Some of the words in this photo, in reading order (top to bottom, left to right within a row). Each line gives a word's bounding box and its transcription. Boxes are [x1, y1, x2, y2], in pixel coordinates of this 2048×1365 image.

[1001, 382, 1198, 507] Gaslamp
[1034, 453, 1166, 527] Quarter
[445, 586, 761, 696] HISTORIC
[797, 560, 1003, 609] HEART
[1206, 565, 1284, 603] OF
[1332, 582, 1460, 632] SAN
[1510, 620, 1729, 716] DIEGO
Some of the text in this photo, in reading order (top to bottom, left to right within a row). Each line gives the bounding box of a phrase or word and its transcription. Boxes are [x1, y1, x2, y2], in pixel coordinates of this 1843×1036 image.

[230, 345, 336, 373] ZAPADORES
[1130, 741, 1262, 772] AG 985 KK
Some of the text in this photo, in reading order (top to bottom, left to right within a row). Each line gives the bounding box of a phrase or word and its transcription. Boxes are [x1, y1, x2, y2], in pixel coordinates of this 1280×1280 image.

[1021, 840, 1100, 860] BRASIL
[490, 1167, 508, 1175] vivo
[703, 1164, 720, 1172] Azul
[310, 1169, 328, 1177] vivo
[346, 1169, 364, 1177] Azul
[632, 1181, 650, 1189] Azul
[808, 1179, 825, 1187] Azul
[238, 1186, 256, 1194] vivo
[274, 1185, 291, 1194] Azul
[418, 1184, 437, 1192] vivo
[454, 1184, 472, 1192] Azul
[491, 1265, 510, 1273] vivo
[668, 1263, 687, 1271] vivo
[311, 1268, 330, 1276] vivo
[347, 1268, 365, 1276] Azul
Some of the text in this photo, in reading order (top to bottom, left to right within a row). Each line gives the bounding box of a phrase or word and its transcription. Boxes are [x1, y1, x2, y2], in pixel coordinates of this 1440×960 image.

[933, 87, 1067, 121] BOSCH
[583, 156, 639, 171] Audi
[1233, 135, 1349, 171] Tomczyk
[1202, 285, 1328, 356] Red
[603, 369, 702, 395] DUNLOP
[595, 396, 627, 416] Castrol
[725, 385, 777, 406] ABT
_____
**EXERCISE PROMPT:** This task calls for an exact reproduction of the lines that start at the one containing "this 1280×1280 image." and continue to the end of the entries above.

**OUTPUT FOR THIS TASK:**
Some of the text in this photo, in reading order (top to bottom, left to right within a row). Each line gives the bounding box of a phrase or word and its transcription. Boxes are [x1, y1, x2, y2], in pixel coordinates of this 1280×1280 image.

[1021, 840, 1100, 860] BRASIL
[490, 1167, 508, 1175] vivo
[703, 1164, 720, 1172] Azul
[310, 1169, 328, 1177] vivo
[346, 1169, 364, 1177] Azul
[632, 1181, 650, 1189] Azul
[808, 1179, 825, 1187] Azul
[238, 1186, 256, 1194] vivo
[274, 1185, 291, 1194] Azul
[418, 1184, 437, 1192] vivo
[454, 1184, 472, 1192] Azul
[491, 1265, 510, 1273] vivo
[668, 1263, 687, 1271] vivo
[311, 1268, 330, 1276] vivo
[347, 1268, 365, 1276] Azul
Some of the text in this photo, in reading order (top to bottom, left to right within a row). Each line gives the bounding box of a phrase or word and its transcription. Boxes are [x1, y1, x2, y2], in pixel coordinates of this 1440×960 image.

[933, 87, 1067, 121] BOSCH
[583, 156, 639, 171] Audi
[1233, 135, 1349, 171] Tomczyk
[1202, 285, 1328, 356] Red
[603, 369, 702, 395] DUNLOP
[595, 396, 627, 416] Castrol
[725, 385, 777, 406] ABT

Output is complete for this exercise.